→ **TASK DIRECTIONS**
Restate the data word for word. Leave the pictures out.

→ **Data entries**
******************************

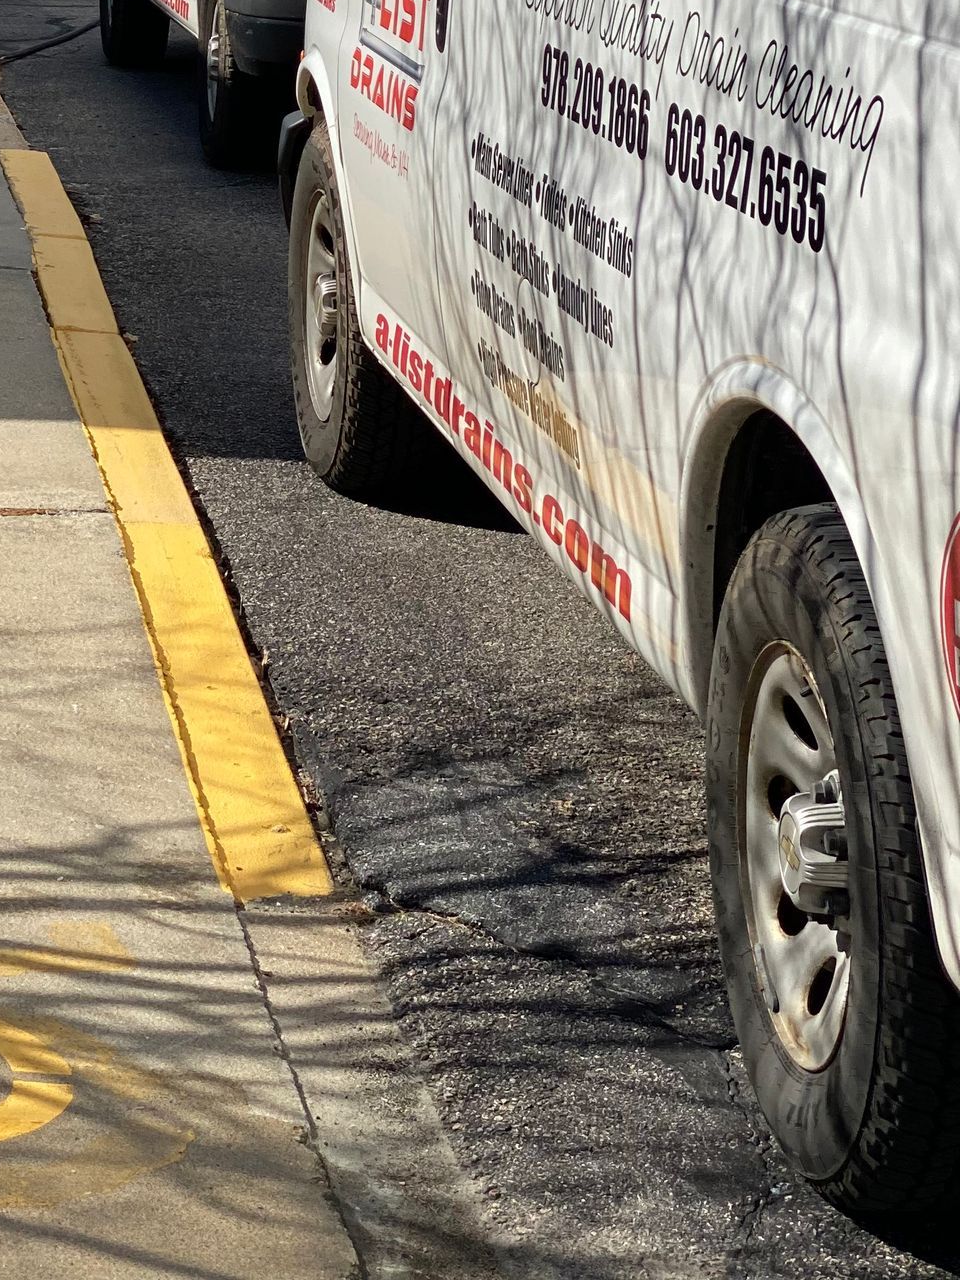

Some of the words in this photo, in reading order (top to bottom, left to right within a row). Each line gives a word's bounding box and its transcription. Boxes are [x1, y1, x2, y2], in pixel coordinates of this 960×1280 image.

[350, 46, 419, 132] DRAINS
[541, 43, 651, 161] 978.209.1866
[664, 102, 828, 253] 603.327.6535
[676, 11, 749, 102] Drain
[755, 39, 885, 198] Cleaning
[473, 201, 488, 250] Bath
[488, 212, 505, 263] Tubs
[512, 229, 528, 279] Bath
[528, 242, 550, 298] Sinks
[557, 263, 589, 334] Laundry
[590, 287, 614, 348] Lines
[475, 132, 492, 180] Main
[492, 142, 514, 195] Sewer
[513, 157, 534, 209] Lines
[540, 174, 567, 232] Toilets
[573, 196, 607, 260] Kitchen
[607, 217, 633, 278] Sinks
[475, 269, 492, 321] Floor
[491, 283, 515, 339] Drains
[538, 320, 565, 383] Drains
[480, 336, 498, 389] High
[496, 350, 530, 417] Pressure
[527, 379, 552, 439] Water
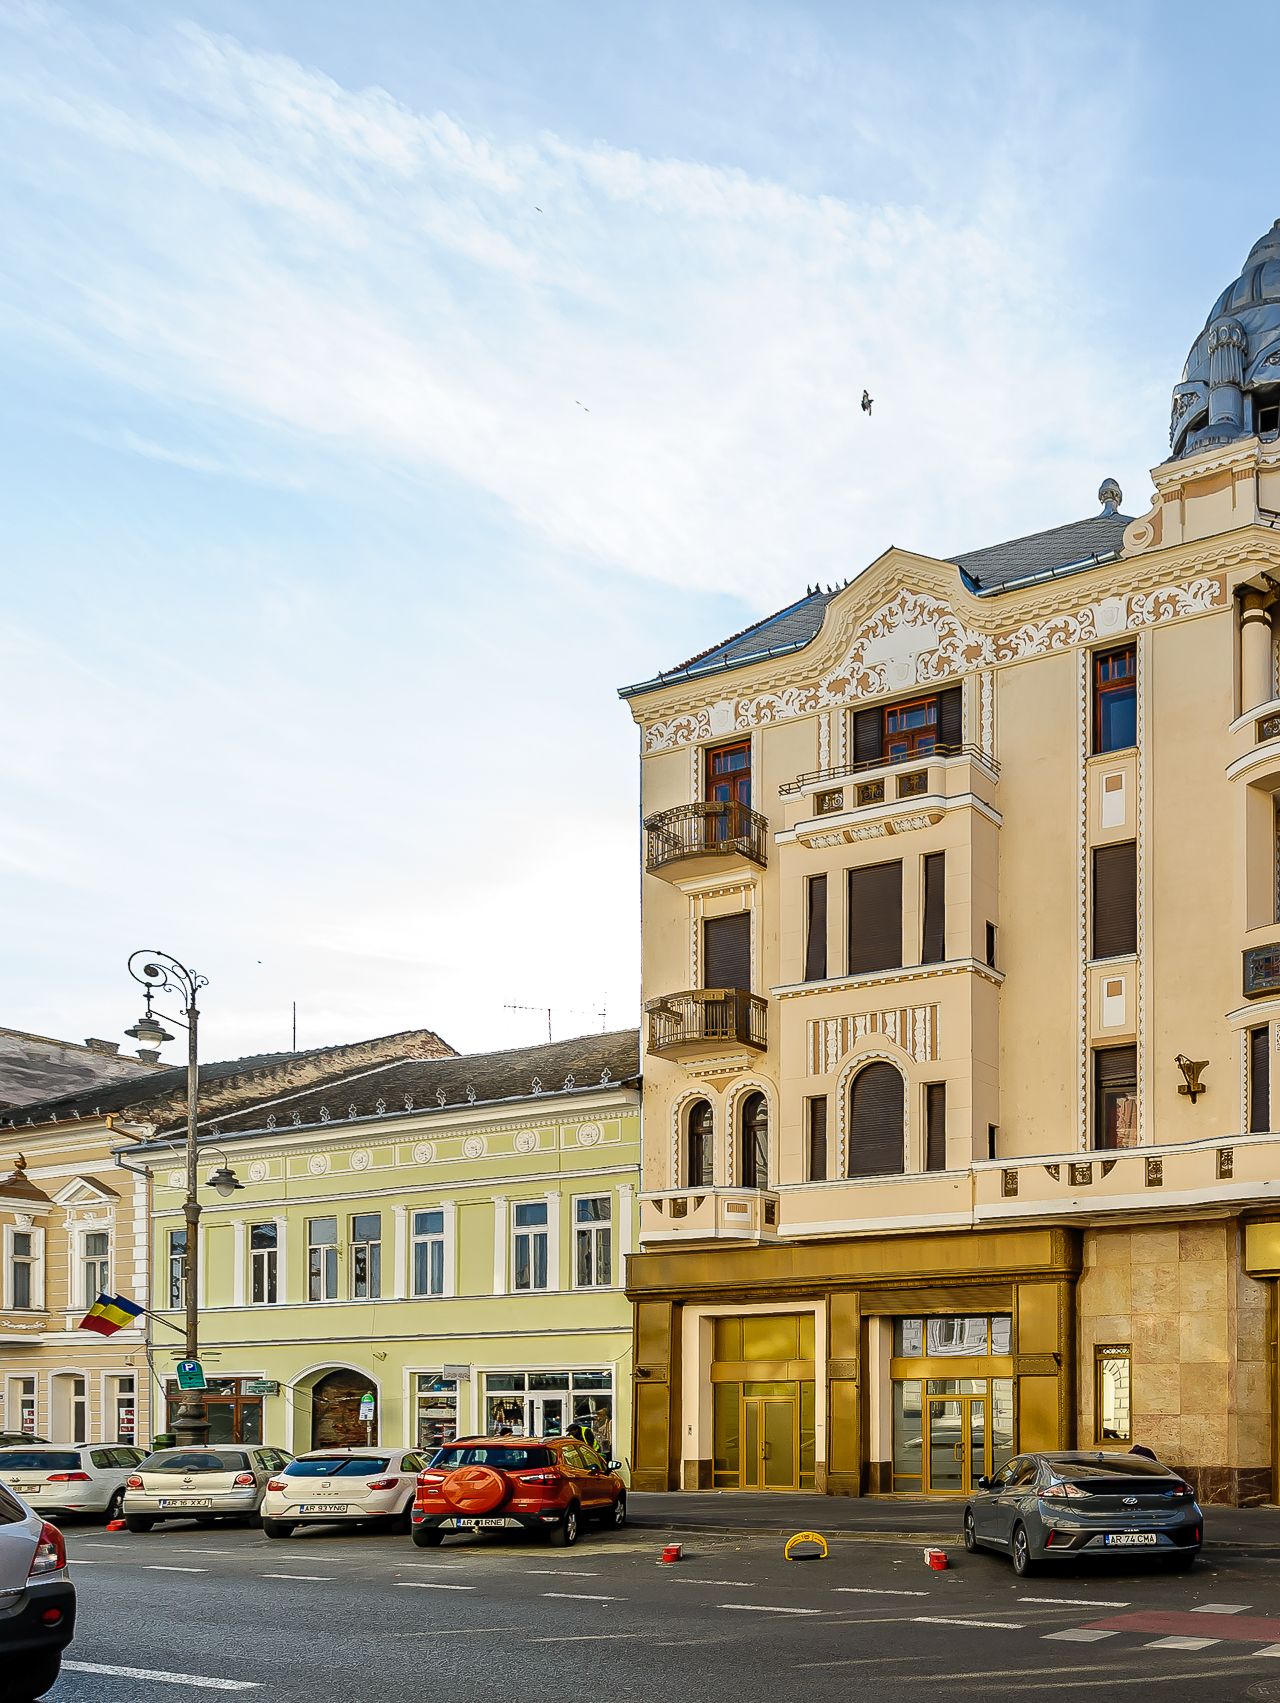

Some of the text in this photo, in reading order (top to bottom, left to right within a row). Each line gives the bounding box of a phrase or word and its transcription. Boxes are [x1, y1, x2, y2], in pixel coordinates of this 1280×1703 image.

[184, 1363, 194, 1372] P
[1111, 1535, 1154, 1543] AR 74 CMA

******************************

→ **OUTPUT OF THE EXERCISE**
Some of the words in this photo, in reading order (top to bottom, left to right within a row). Each line gives a word's bounding box and its transcription. Boxes are [x1, y1, x2, y2], in pixel coordinates of this 960×1280 image.

[350, 46, 419, 132] DRAINS
[541, 43, 651, 161] 978.209.1866
[664, 102, 828, 253] 603.327.6535
[676, 11, 749, 102] Drain
[755, 39, 885, 198] Cleaning
[473, 201, 488, 250] Bath
[488, 212, 505, 263] Tubs
[512, 229, 528, 279] Bath
[528, 242, 550, 298] Sinks
[557, 263, 589, 334] Laundry
[590, 287, 614, 348] Lines
[475, 132, 492, 180] Main
[492, 142, 514, 195] Sewer
[513, 157, 534, 209] Lines
[540, 174, 567, 232] Toilets
[573, 196, 607, 260] Kitchen
[607, 217, 633, 278] Sinks
[475, 269, 492, 321] Floor
[491, 283, 515, 339] Drains
[538, 320, 565, 383] Drains
[480, 336, 498, 389] High
[496, 350, 530, 417] Pressure
[527, 379, 552, 439] Water

Some of the text in this photo, in reading order (top to bottom, left to right within a row). Each line gives the bounding box of a phrase or word and its transcription. Boxes are [x1, y1, x2, y2], in pixel coordinates of this 1280×1703 image.

[184, 1363, 194, 1372] P
[1111, 1535, 1154, 1543] AR 74 CMA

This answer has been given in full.